Kildalton was sold in 1922 to John Talbot Clifton, a well-to-do landowner from Lytham, Lancashire who was passionately fond of shooting and foreign travel. He had travelled in Canada, Siberia, Burma, Malaya, Indonesia, Africa and South America, and was known for shooting wild animals and eating them. Some of the animals he shot were species new to science and were named after him, such as a type of wild Siberian sheep (Clifton's bighorn) and a Canadian marmot. He once dined on mammoth recovered frozen from the Arctic permafrost. He was married to the equally colourful Violet Beauclerk. His last venture was an expedition with his wife to Timbuktu, but he was taken ill en route and died in 1928 in the Canary Islands on the way home. His wife had his body embalmed and escorted it back to Scotland, where it was buried on Islay at Cnoc Rhaonastil. Violet then left the island to live at their Lytham house and Kildalton was neglected.
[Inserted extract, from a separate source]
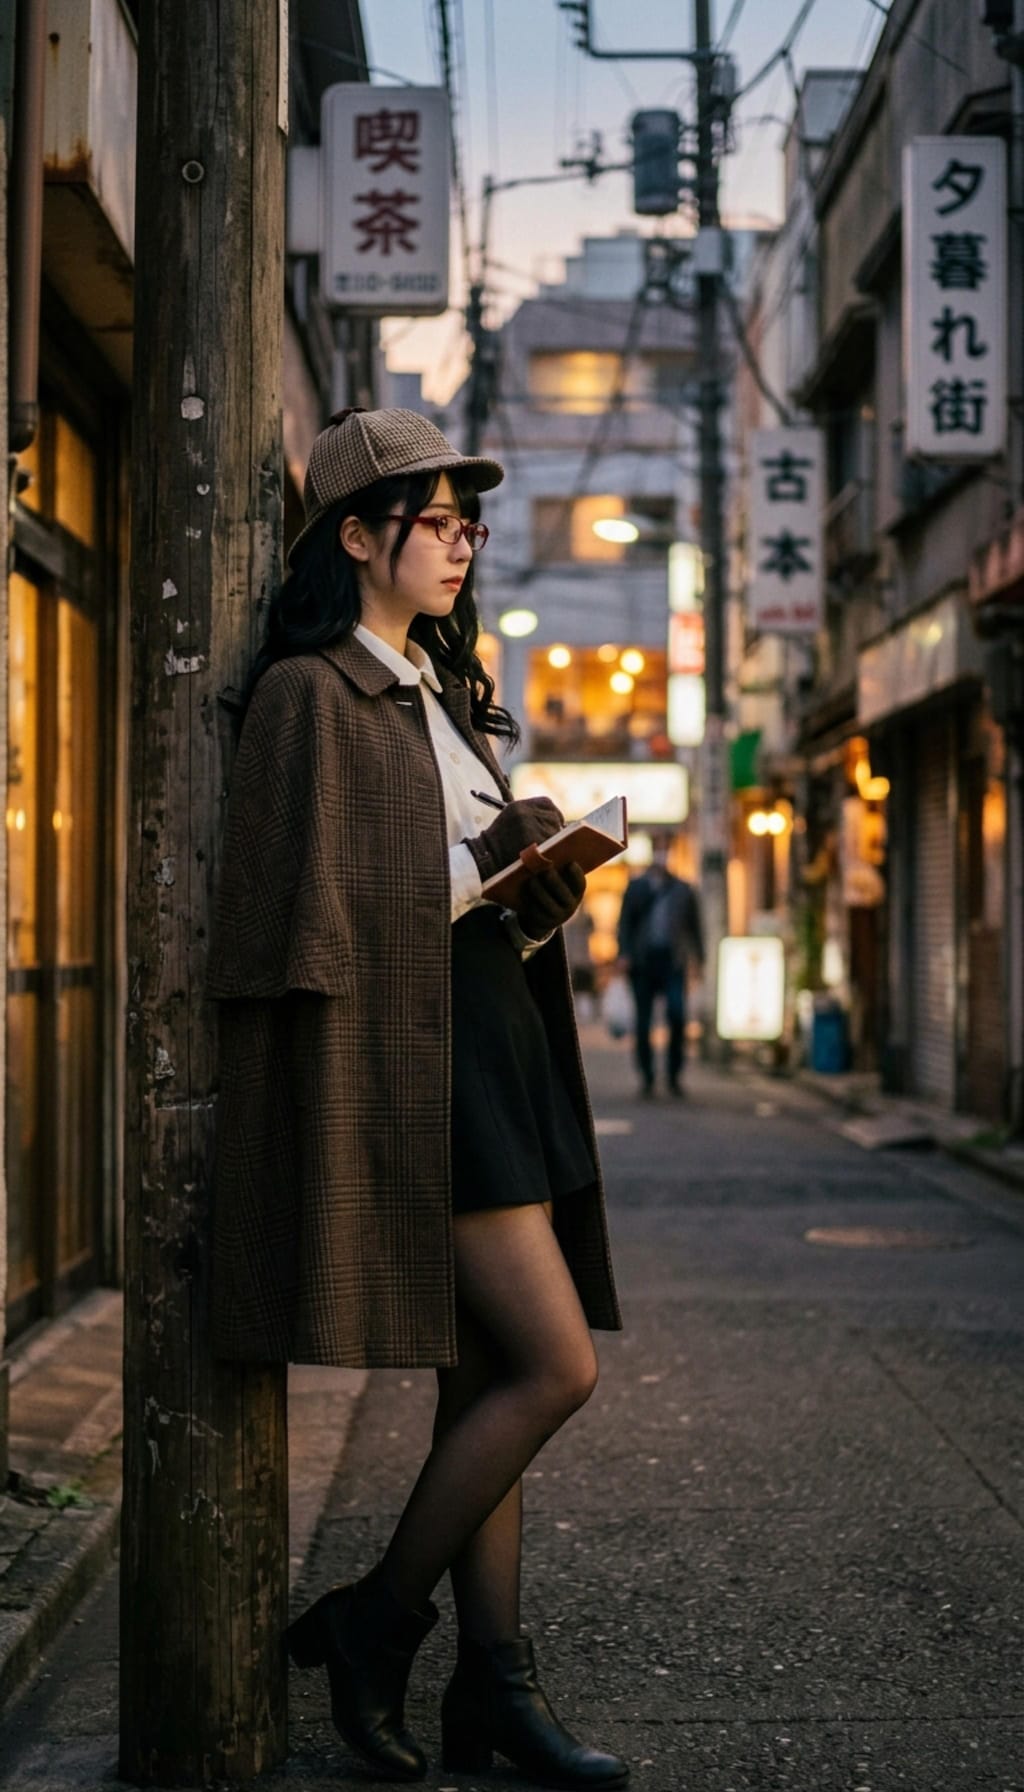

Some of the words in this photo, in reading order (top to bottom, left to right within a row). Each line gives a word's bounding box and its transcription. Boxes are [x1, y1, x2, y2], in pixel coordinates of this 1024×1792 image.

[353, 108, 421, 257] 喫茶
[929, 158, 989, 436] 夕暮れ街
[760, 449, 815, 583] 古本
Gradually the building deteriorated to the stage where floors and roofs collapsed, leaving only the shell standing. It was put on the Buildings at Risk Register for Scotland.

The current owners of Kildalton are George and Fiona Middleton, who bought 2000 acres including the ruinous castle structure. Various attempts to achieve the renovation of the castle have failed.